Advantages of Mohs Surgery
Unlike microscopic examination, with the advanced Mohs techniques, our surgeons can pinpoint areas involved with cancer and selectively remove only those areas. In this way, the skin cancer is traced out to its "roots." This results in
preserving as much normal tissue as possible with the highest chance for cure. Other forms of therapy have only a 50% to 70% chance for success in curing skin cancers that have previously been unsuccessfully treated. Using the Mohs
micrographic surgery techniques, the percentage of success is very high, often 97%, even when other forms of treatment have failed. With this technique, an excellent chance of cure is achieved. However, no one guarantees a 100%
chance of cure.
Our surgeons are thoroughly convinced that the advanced Mohs technique is the best way to provide his patients with the highest chance for cure while preserving the maximum amount of normal tissue. When facing the most complex and
challenging skin cancer cases, the Mohs techniques are proven to be the best response. It is highly specialized, and not all medical centers in the United States are equipped with the personnel and training to offer this treatment.
Our surgeons frequently receive patients who are referred for Mohs surgery after other forms of treatment have failed. This does not mean that the patient is cancer prone or a particularly hopeless case. It merely means that the
methods used for treatment in the past did not destroy all the skin cancer cells. Because Mohs micrographic surgery uses complete microscopic control to search out the "roots" of the cancer, it cures almost all patients - even those in
whom skin cancer has persisted in spite of several other treatments.
3 Surgical Steps to Mohs Surgery
The surgical removal of the visible portion of skin cancer.

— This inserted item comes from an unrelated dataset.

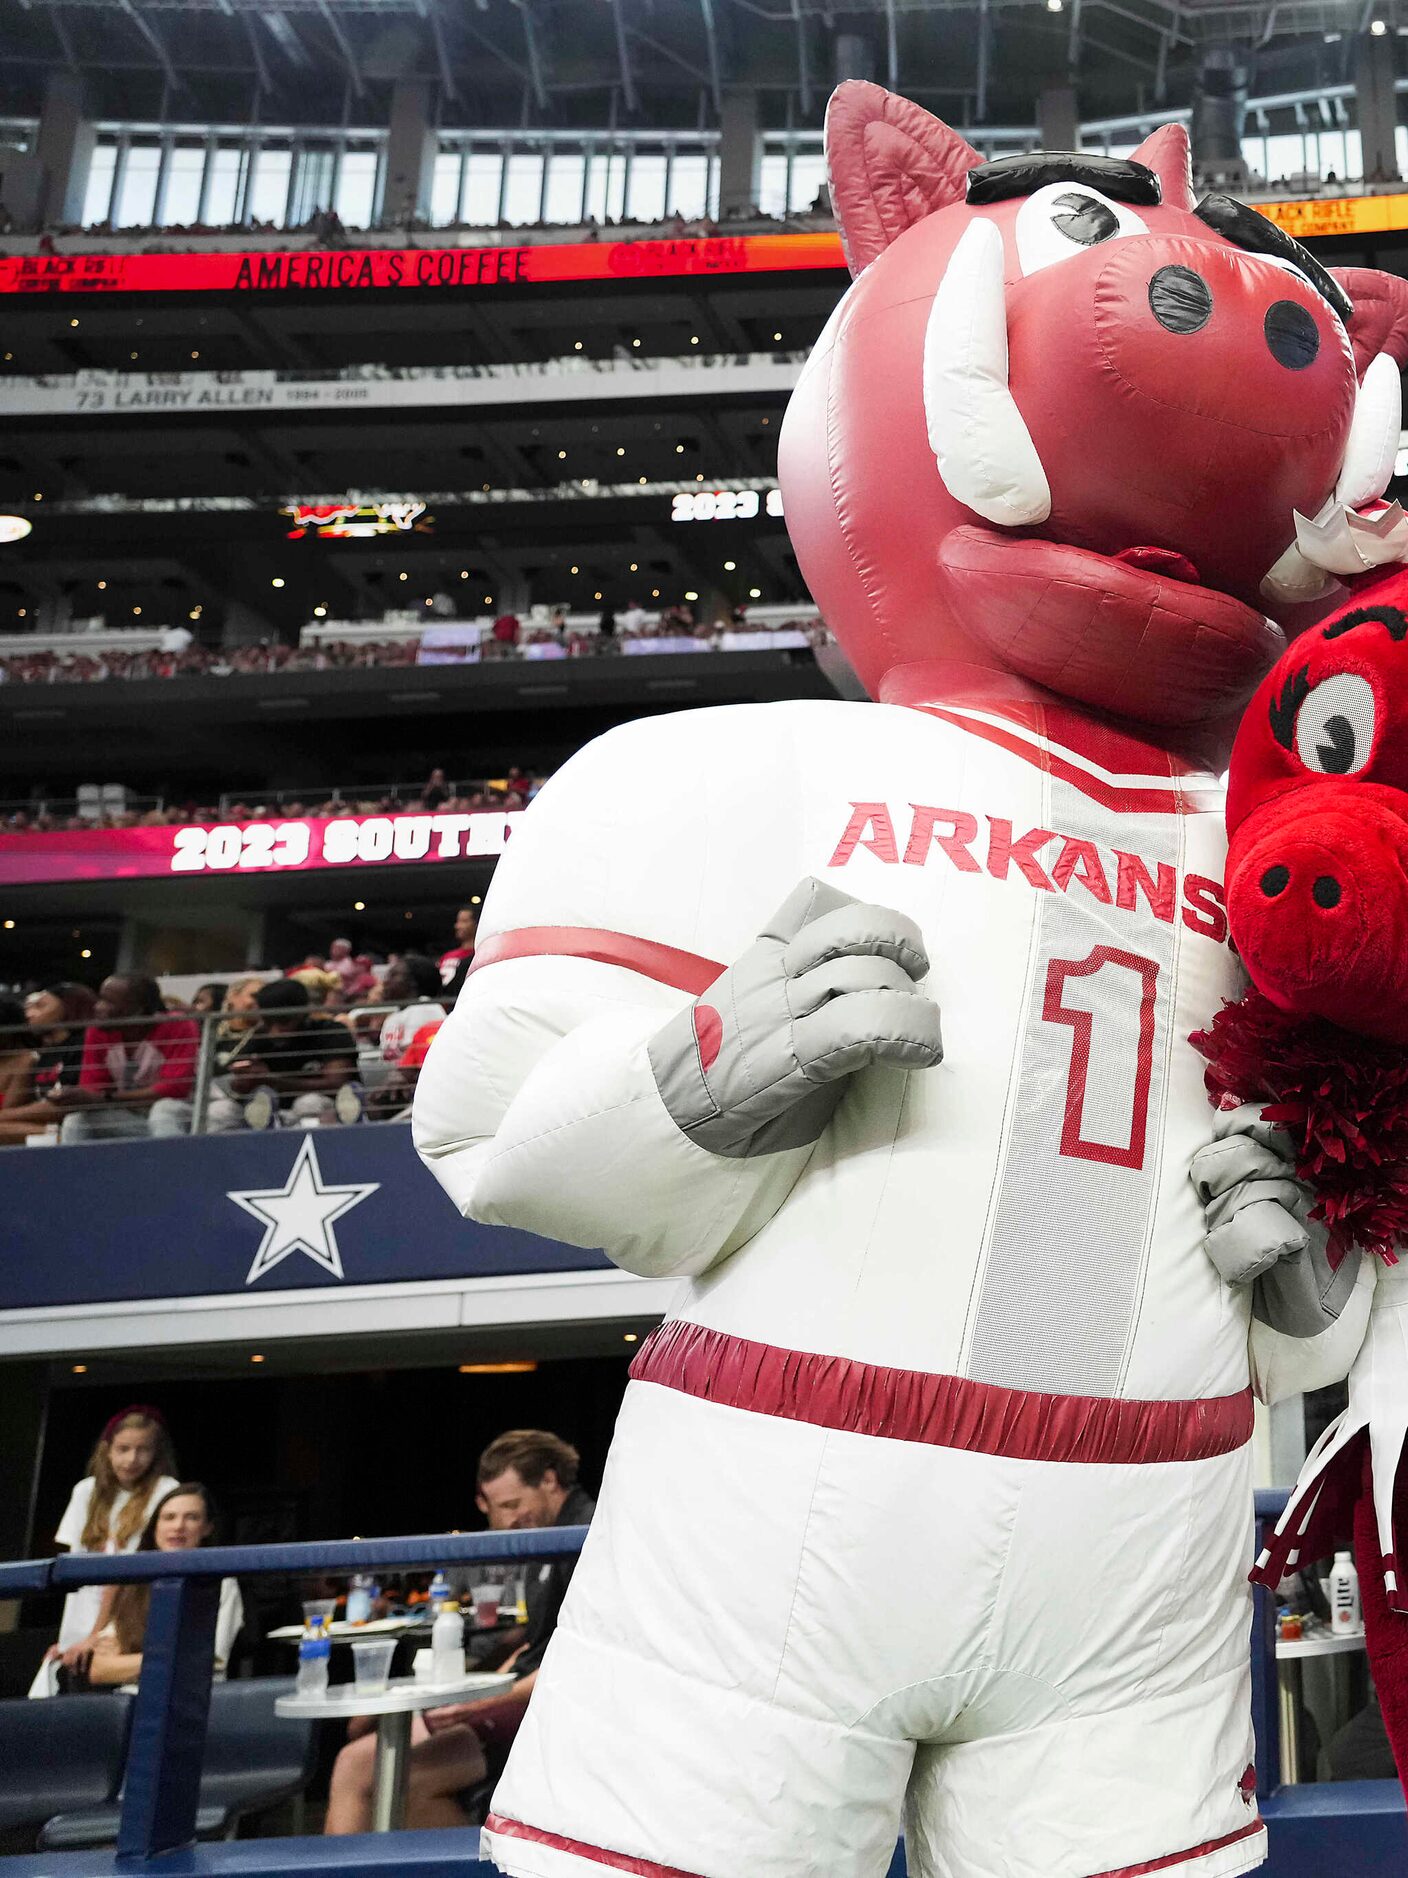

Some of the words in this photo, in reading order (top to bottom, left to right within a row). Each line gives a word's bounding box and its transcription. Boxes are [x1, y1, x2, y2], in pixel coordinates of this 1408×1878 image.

The surgical removal of a thin layer of tissue at the bed of the cancer.
The examination of the excised tissue layer under the microscope.
By examining the edges and underside of the tissue, our surgeons are able to trace out and exactly locate any additional areas of cancer remaining. Before the tissue is examined, it is marked with colored dyes to distinguish top from bottom
and right from left, and a detailed map of the excised tissue is made. By doing this, we are able to pinpoint the exact location of any remaining tumor during the microscopic examination. If more cancer is present, the procedure is repeated.
Only the area of the remaining cancer is removed.
Outpatient or in the Hospital?
Whenever possible, the surgery is performed as an outpatient in the Plano, Texas clinic. Occassionally, it is required that you stay in the hospital. We will inform you if we feel it would be best for you to be hospitalized at the time of
you initial visit. Occasionally, patients must be hospitalized after treatment to allow follow up or reconstruction.